I have a mathematical problem and I am not very good at math…

So here is the problem:

I’m a biology student, working on fern anatomy (does that not sound absolutely awesome?) and I have to infiltrate a tissue sample with resin. This hardens the material and allows you to cut it and view it under the microscope. The concentration of resin in your solution has to increase from 0% to 100% gradually, because otherwise the resin does not go into the tissue deep enough. You do this in the following steps: 0%, 10%, 20%, 30% 50%, 70%, 90% and 100%. (So a few steps are skipped and it is not a continuous increase of 10%).

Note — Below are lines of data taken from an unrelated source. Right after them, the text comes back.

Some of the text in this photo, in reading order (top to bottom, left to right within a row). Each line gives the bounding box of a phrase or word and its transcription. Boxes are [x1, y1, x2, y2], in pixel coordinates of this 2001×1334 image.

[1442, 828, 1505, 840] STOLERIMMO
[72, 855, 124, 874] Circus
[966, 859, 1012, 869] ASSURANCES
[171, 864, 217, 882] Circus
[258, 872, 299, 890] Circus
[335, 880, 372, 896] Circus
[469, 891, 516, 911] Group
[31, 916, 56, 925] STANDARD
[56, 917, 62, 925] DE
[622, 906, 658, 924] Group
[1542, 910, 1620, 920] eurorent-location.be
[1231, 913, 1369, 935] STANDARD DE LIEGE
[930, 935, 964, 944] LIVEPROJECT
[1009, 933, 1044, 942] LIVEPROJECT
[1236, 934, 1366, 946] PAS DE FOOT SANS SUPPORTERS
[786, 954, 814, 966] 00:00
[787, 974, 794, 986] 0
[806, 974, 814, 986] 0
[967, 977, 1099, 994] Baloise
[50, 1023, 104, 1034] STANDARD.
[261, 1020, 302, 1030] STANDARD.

The way in which you do this is by removing a certain volume of your solution and replacing it with the same volume of 100% resin. The volume of my solution is 1500 ul. The first step is simple: replace 10% of the solution with resin, so you have a 90% solution. But then: when you do the next replacement you remove a bit of the resin that is in your solution, namely: 0,1*the amount of solution you are replacing. Right? So you cannot simply add the same volume of without taking the loss of some of the resin from step 1 into account.

I understand that it is impossible to reach 100% resin with this method mathematically, without replacing 100% of your solution, but there has to be a practical solution to my problem.

It is not a massively important problem (and potentially way to easy for you all) and I don’t really need your answers to continue my research. But I know there has to be a way to calculate this and it bothers me that I don’t know how to.

Thanks in advance. I am looking forward to your answers.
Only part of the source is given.